Spatial localization data:
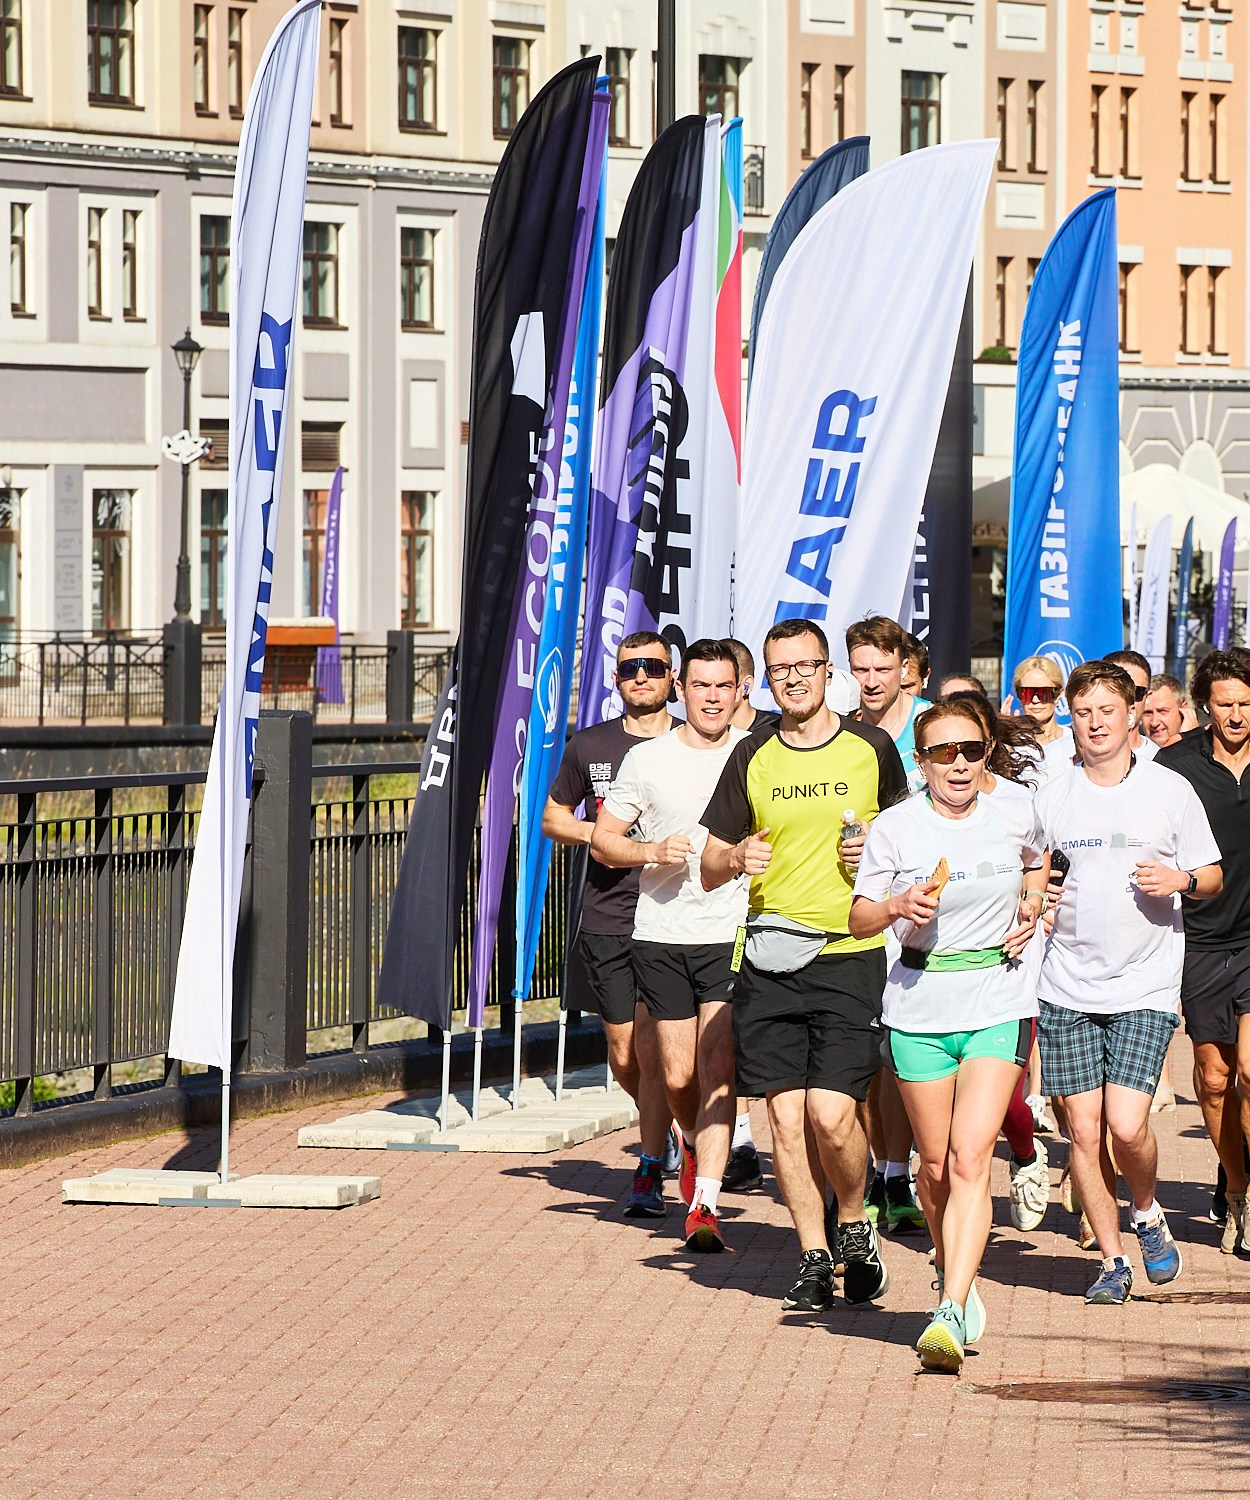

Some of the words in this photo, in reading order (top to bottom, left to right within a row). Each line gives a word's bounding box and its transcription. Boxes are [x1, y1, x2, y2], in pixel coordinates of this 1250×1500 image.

[588, 762, 612, 772] ВЭБ
[772, 782, 830, 801] PUNKT
[834, 782, 848, 796] e
[1068, 838, 1103, 849] MAER

WORK ITEM:
This calls for each record above to be set down exactly, with the images skipped.

ANSWER:
Some of the words in this photo, in reading order (top to bottom, left to right within a row). Each line gives a word's bounding box and its transcription. Boxes are [x1, y1, x2, y2], in pixel coordinates of this 1250×1500 image.

[588, 762, 612, 772] ВЭБ
[772, 782, 830, 801] PUNKT
[834, 782, 848, 796] e
[1068, 838, 1103, 849] MAER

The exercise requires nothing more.